Литмир - Электронная Библиотека
A
A

— Ну, типа того, — не стесняясь, кивнул Родриго, — видать, наскучило сидеть дома одной, вот и вспомнила про меня. А вчера она вроде говорила, что будет работать до поздней ночи. Жаль, я хотел, чтобы мы с тобой провели вечер вдвоем. Что поделаешь, дела.

— Ты сам себе выбрал такую профессию, так что не жалуйся, — добавила вдова, удовлетворенная тем, что ночь она проведет без лишней компании.

— А зачем же мне жаловаться? — хмыкнул конспиратор, уловив реакцию молодой женщины, — не вагоны иду разгружать, да и тебе лучше пораньше в постель лечь, чтобы и завтра была в таком же миролюбивом настроении. Ты настоящая прелесть, когда не злишься.

— И ты иди, потрать на Диану лишнюю энергию, — губы Вероники скривились в едва заметную ухмылку, — ночной тариф у тебя, наверное, на порядок дороже.

— О, у меня специальный тариф, платиновый! Всегда беру максимум, — засмеялся любовник и стал одеваться.

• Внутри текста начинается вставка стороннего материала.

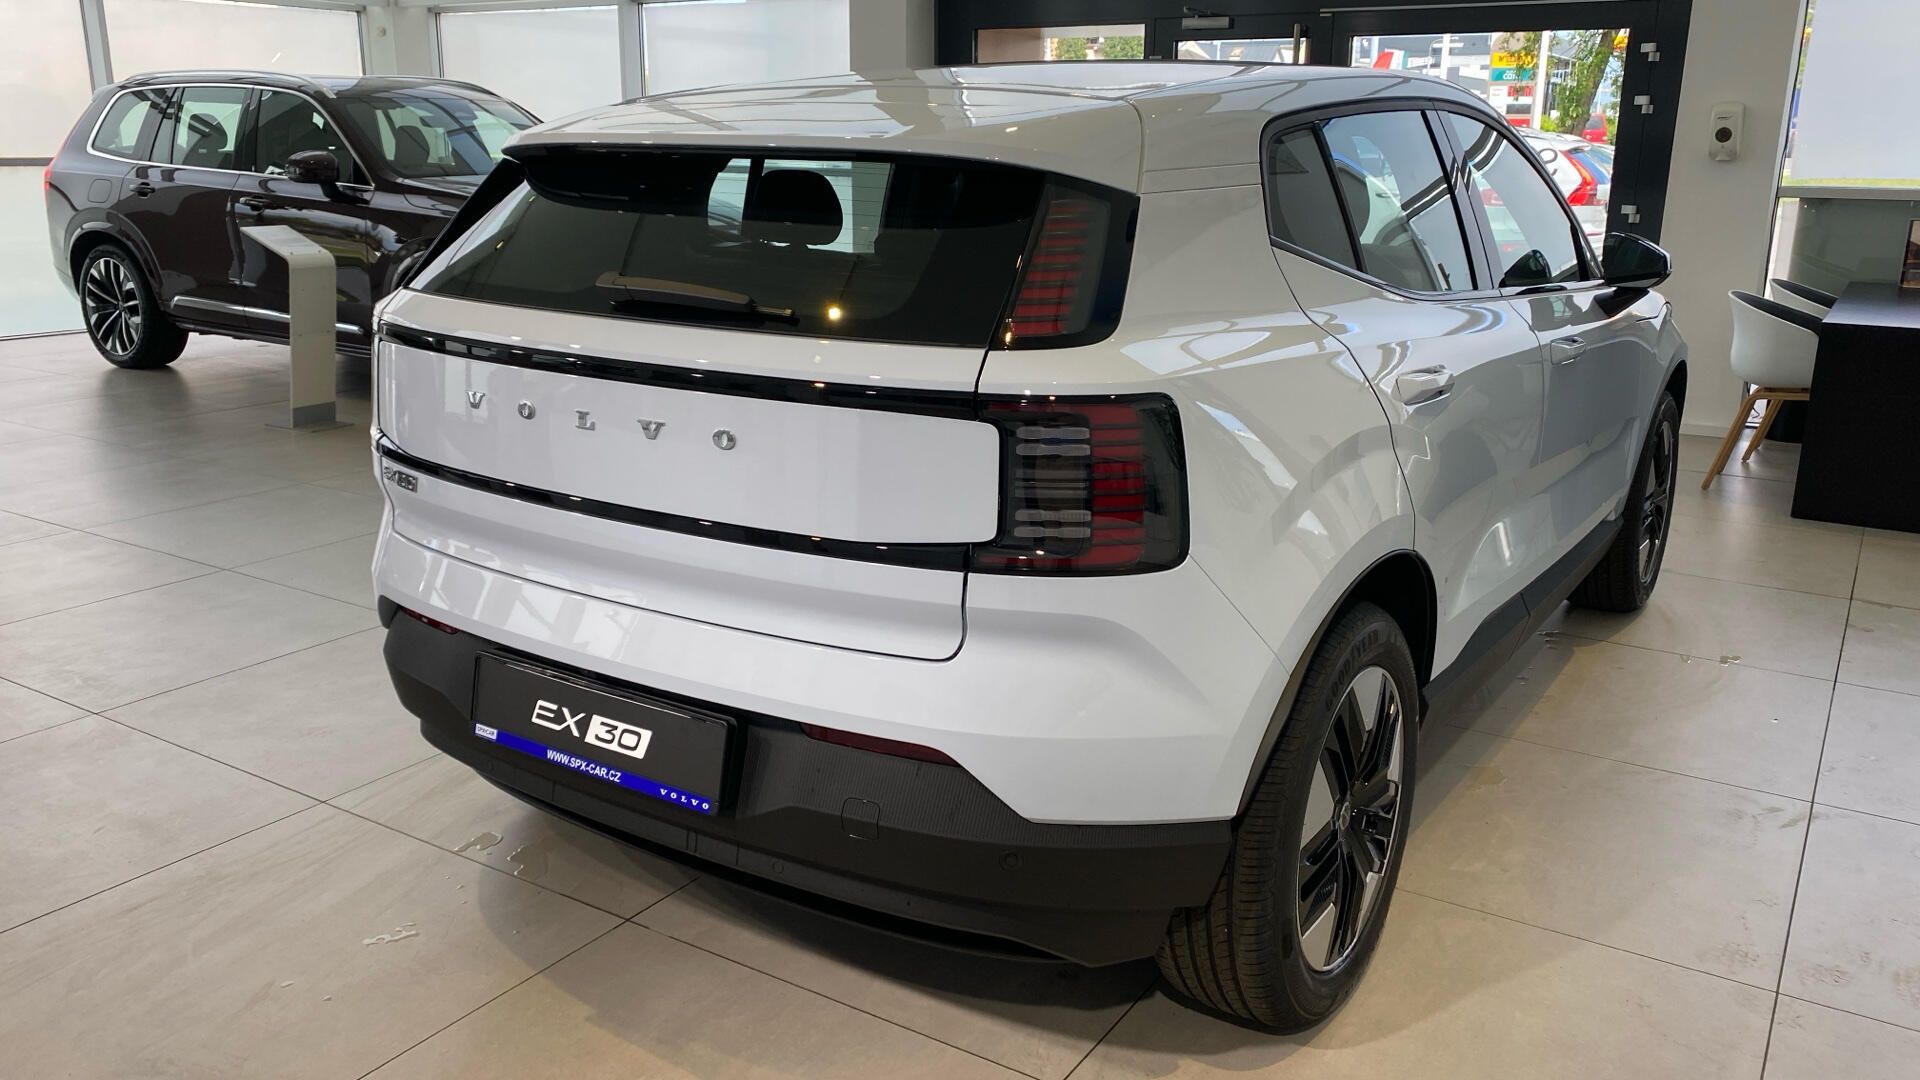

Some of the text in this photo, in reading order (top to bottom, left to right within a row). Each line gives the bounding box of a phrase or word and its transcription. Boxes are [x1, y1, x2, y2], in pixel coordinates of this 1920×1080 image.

[466, 391, 737, 451] VOLVO
[546, 749, 622, 783] WWW.SPX-CAR.CZ
[659, 787, 710, 810] VOLVO

— Смотри, как бы какая-нибудь баба не взяла максимум с тебя самого. Женщины ведь коварнее мужчин, верно? — задумчиво пробормотала вдова, глядя в спину своему собеседнику.

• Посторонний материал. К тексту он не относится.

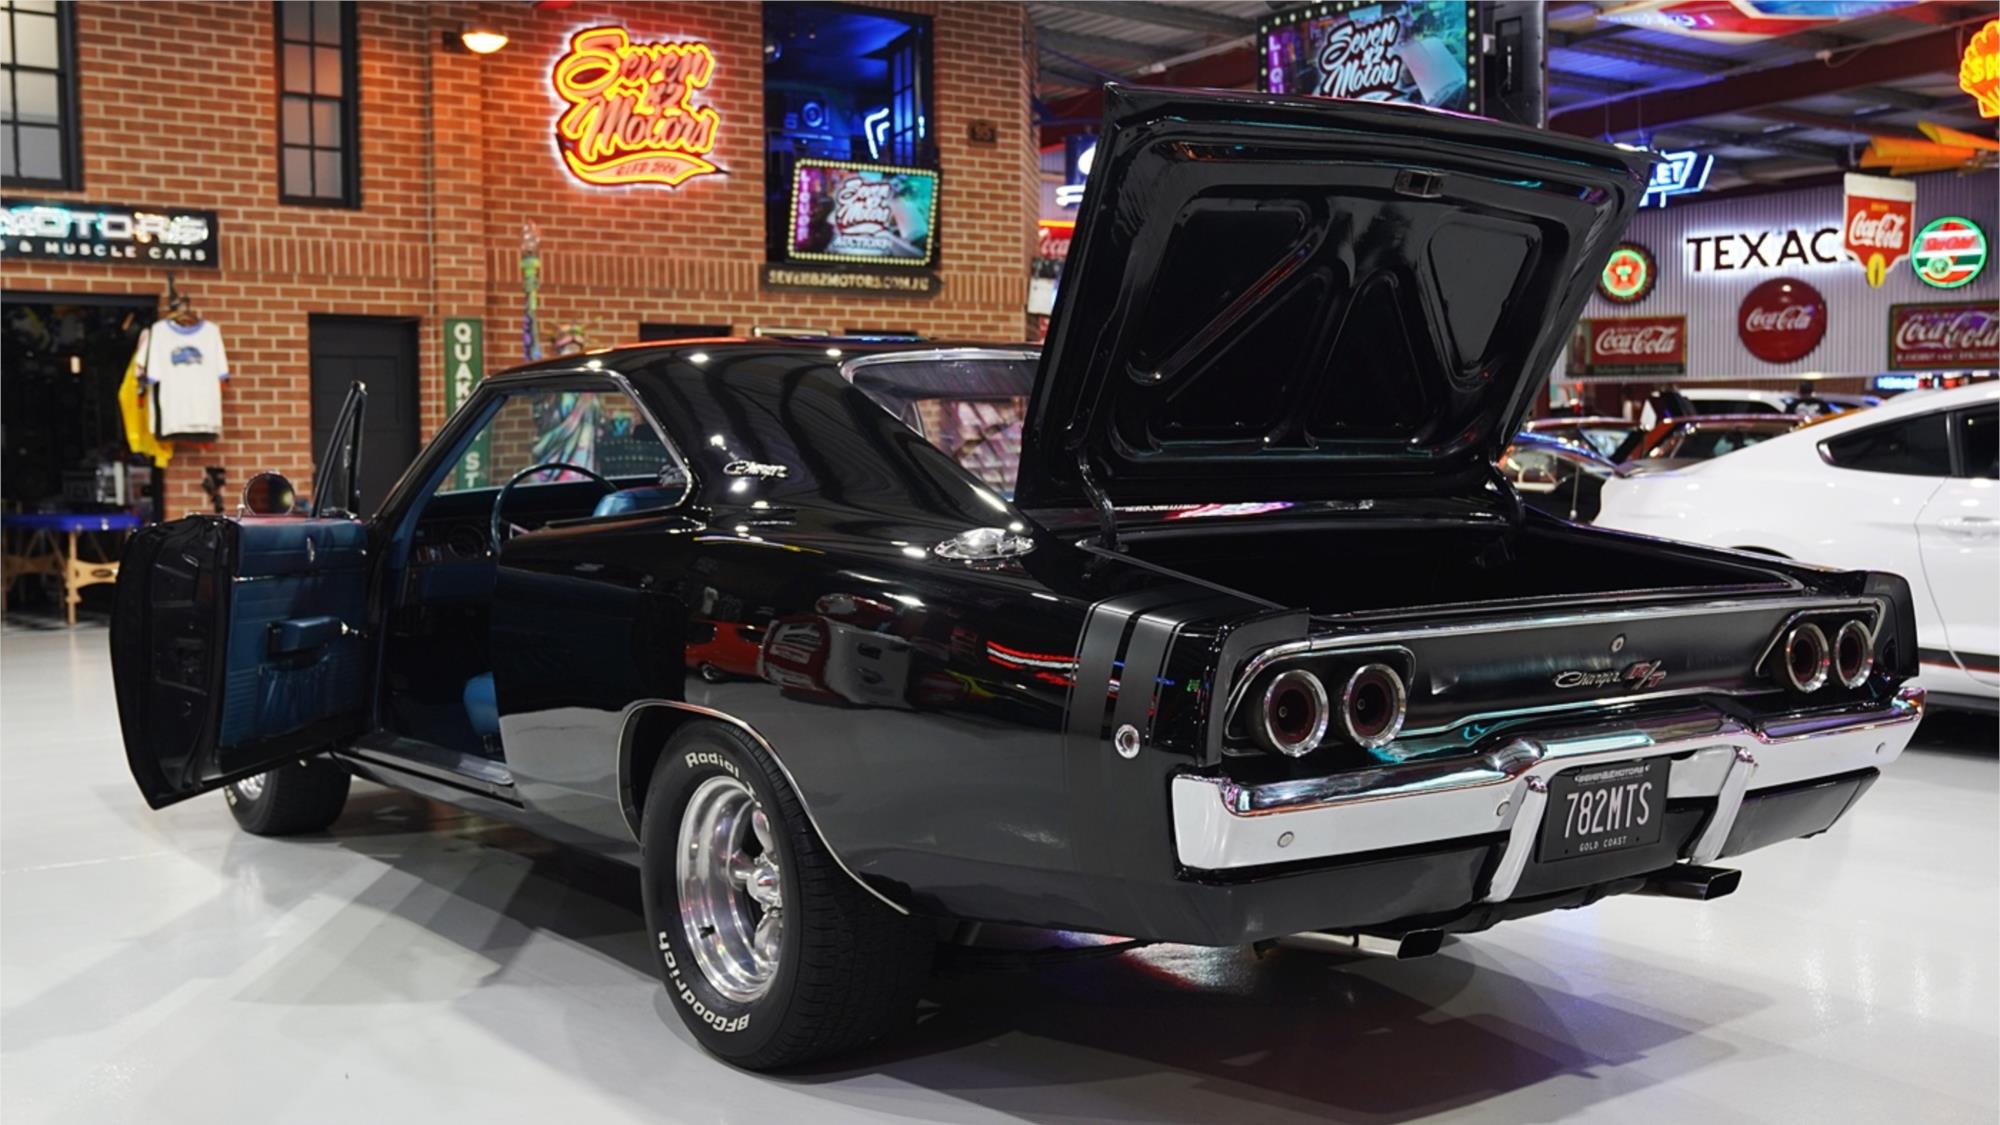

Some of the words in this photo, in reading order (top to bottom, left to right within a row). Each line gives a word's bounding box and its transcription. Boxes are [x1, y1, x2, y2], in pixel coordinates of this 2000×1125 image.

[558, 28, 713, 101] Seven
[1322, 20, 1396, 71] Seven
[1323, 58, 1399, 98] Motors
[566, 95, 714, 161] Motors
[45, 241, 137, 258] MUSCLE
[149, 247, 206, 261] CARS
[1686, 227, 1857, 273] TEXAC
[685, 751, 740, 779] Radial
[1564, 781, 1653, 839] 782MTS
[1579, 840, 1600, 852] GOLD
[1603, 835, 1629, 848] COAST
[658, 931, 752, 1033] BFGoodrich

— Верно. Зато мужики умнее, — засмеялся Родриго и повернулся лицом к хозяйке квартиры, подмигнув ей.

— Я сегодня умную мысль в фейсбуке прочитала: мужская логика безошибочно действует там, где действуют мужчины, но моментально перестает действовать там, где действует хотя бы одна женщина. Может вы и умнее, но мы-то все равно изворотливее, чем вы. Женщины настоящие хищники, а не так называемый сильный пол. Возьми это на заметку.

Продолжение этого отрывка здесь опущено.